As organisms adapt to their environment, adaptations that serve them in their current environment can become liabilities if that environment changes.

The control of traits that are an asset in one situation and a liability by the same gene is called antagonistic pleiotropy.

In the March 16, 2020, online issue of Nature Genetics, researchers reported a method to systematically identify mutations that conferred antagonistic pleiotropy – in the form of resistance to one drug, but heightened sensitivity to another – in acute myeloid leukemia (AML) cells.

They used their method to show that the sensitivity of AML cells to BET bromodomain inhibition and BCL-2 inhibition is an example of antagonistic pleiotropy.

Senior author Kris Wood told BioWorld that “the mechanisms that give resistance to [the bromodomain inhibitor] JQ-1 seem to frequently or maybe even always lead to a cellular sensitivity to ABT-199,” better known in the biopharma industry as Venclexta (venetoclax, Abbvie Inc.), which is approved for chronic lymphocytic leukemia as well as AML.

The relationship between JQ-1 and Venclexta did not cut both ways, and Wood said that “dual-directionality in drug resistance/sensitivity is actually not inherent to an AP relationship for a number of reasons… although we would expect that a significant fraction of cases would exhibit bidirectionality. {But] our current study is not designed to assess what this fraction would be.”
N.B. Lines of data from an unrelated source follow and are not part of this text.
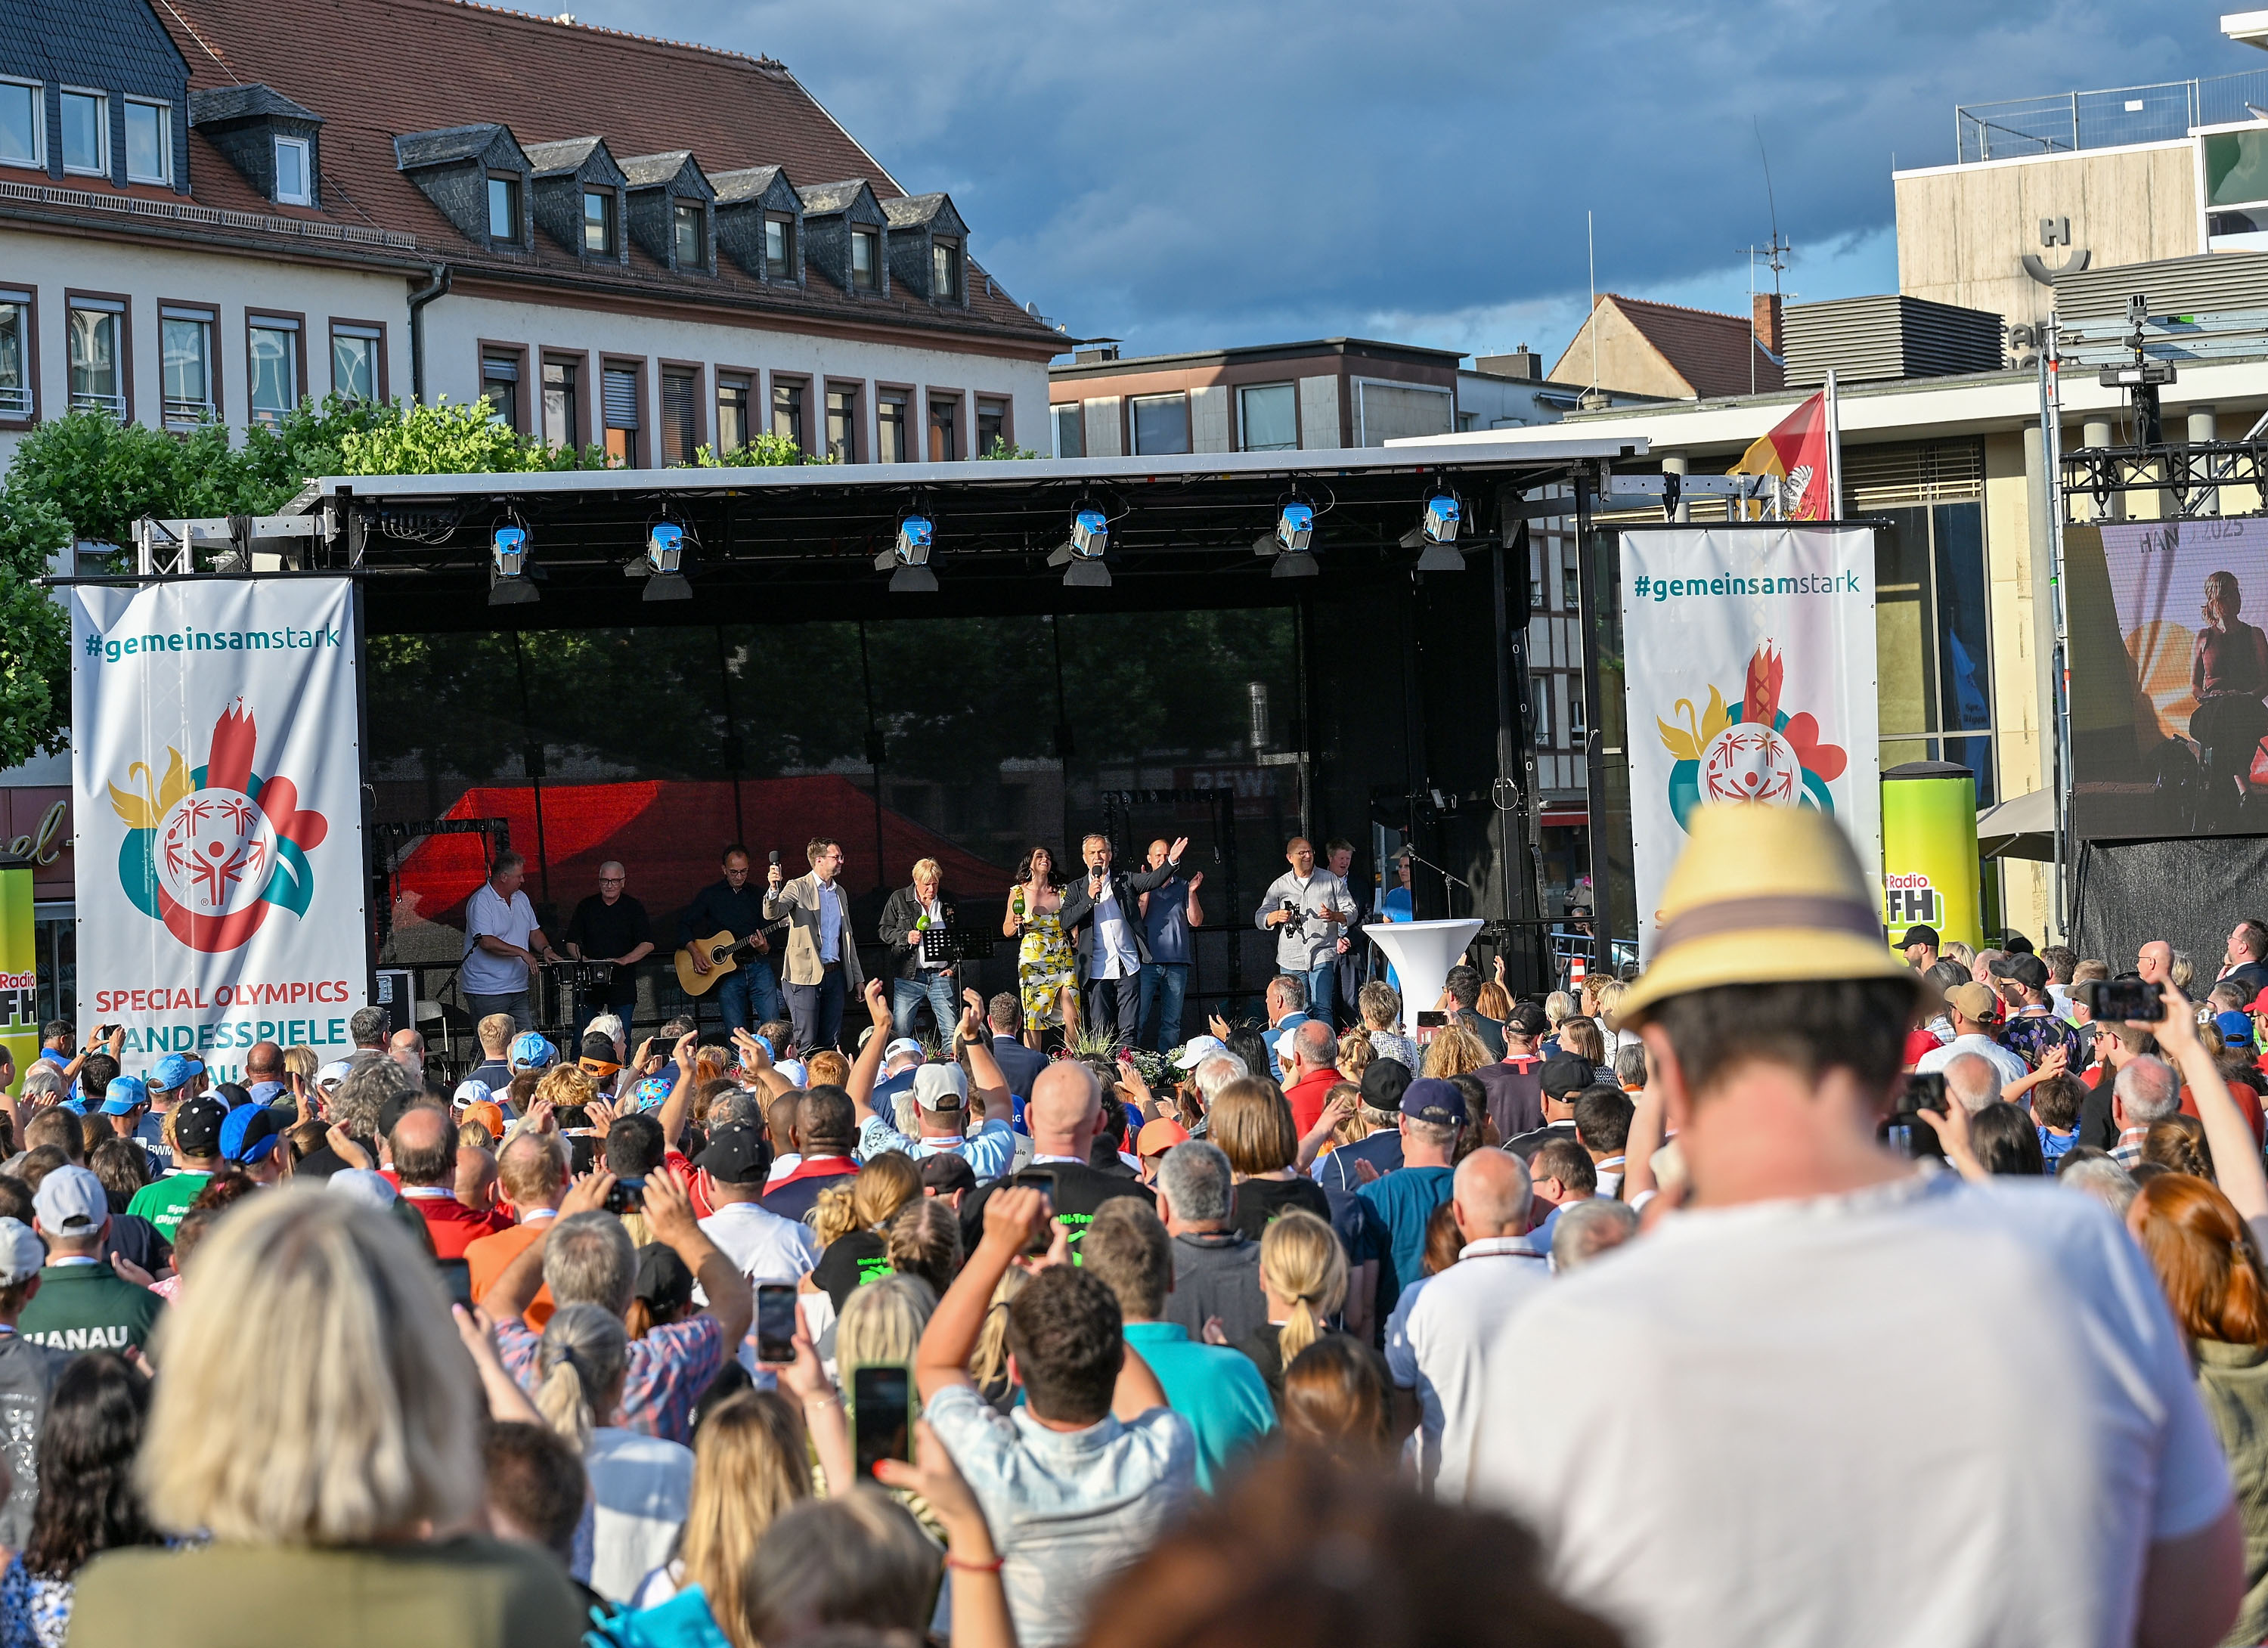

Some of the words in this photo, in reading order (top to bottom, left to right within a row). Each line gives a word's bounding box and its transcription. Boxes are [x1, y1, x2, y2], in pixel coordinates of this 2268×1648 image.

[1634, 568, 1861, 603] #gemeinsamstark
[85, 622, 340, 663] #gemeinsamstark
[1889, 874, 1928, 888] Radio
[0, 971, 35, 989] Radio
[95, 987, 209, 1013] SPECIAL
[214, 980, 350, 1007] OLYMPICS
[101, 1018, 348, 1054] ANDESSPIELE
Beyond the specific relationship between JQ-1 and Venclexta, he said, the work shows that “resistance is both a problem and an opportunity.”

Wood is an assistant professor of pharmacology and cancer biology and biomedical engineering and a member of the Duke Cancer Institute, and co-corresponding author of the Nature Genetics paper.
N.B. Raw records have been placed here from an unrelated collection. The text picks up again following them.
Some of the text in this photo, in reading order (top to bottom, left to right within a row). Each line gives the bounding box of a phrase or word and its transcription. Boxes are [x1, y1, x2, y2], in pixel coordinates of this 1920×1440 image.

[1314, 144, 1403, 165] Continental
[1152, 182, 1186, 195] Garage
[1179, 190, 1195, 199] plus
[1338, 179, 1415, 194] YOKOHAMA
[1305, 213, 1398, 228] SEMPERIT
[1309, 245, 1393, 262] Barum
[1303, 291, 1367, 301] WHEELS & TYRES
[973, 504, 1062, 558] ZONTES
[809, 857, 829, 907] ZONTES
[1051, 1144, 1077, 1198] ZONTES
The most typical way to deal with drug resistance, which is an all-but-inevitable feature of targeted therapies, is the design of second- and third-generation inhibitors that will be active against resistance mutations.

An alternate strategy could be to find the tradeoffs cells are making to gain resistance to a given drug, and use sequential drug regimens to first lure them into making those tradeoffs, and then exploiting the tradeoff to kill the cell.

Evolutionary traps are in some ways similar to the induction of a BRCA-like state to prime cells for sensitivity to PARP inhibitors.

BRCA mutations “give cancer cells an advantage during the phase of disease that involves tumor initiation and tumor progression, but they give cells a major disadvantage in the context of PARP inhibition,” Wood said.

Another example of antagonistic pleiotropy is proteins that act as oncogenes under some circumstances, but as tumor suppressors under others.

Wood’s laboratory has been focused on chemogenomic screens. The team uses CRISPR to find modifiers of drug treatment – genes that affected the sensitivity to a drug, for better or for worse.

Modifier profiles depend on a drug’s mechanism of action. Two drugs that work via the same mechanism, such as two mTOR inhibitors, will have largely the same modifiers, while drugs that affect different targets can have very different modifiers.

Within that larger context, the researchers began to wonder “whether we could identify scenarios where the genes that give resistance to one drug… give sensitization to another drug.”

The relationship between JQ-1 resistance and ABT-199 hypersensitivity showed that such relationships can indeed be identified. Wood said that he and his colleagues are planning to follow up on the translational possibilities of their findings, and have also identified another example of antagonistic pleiotropy that could be used to set an evolutionary trap.

More generally, Wood said, “this work points directly to ways that new studies could further understand what types of biological processes have the property of being beneficial in certain circumstances and deleterious in other circumstances, and why that is.”

“Where our work is the most novel is specifically in the context of applying these concepts to multiple drug treatments,” he said. “Evolutionary biologists have for years been thinking about concepts like the ones we were thinking about.”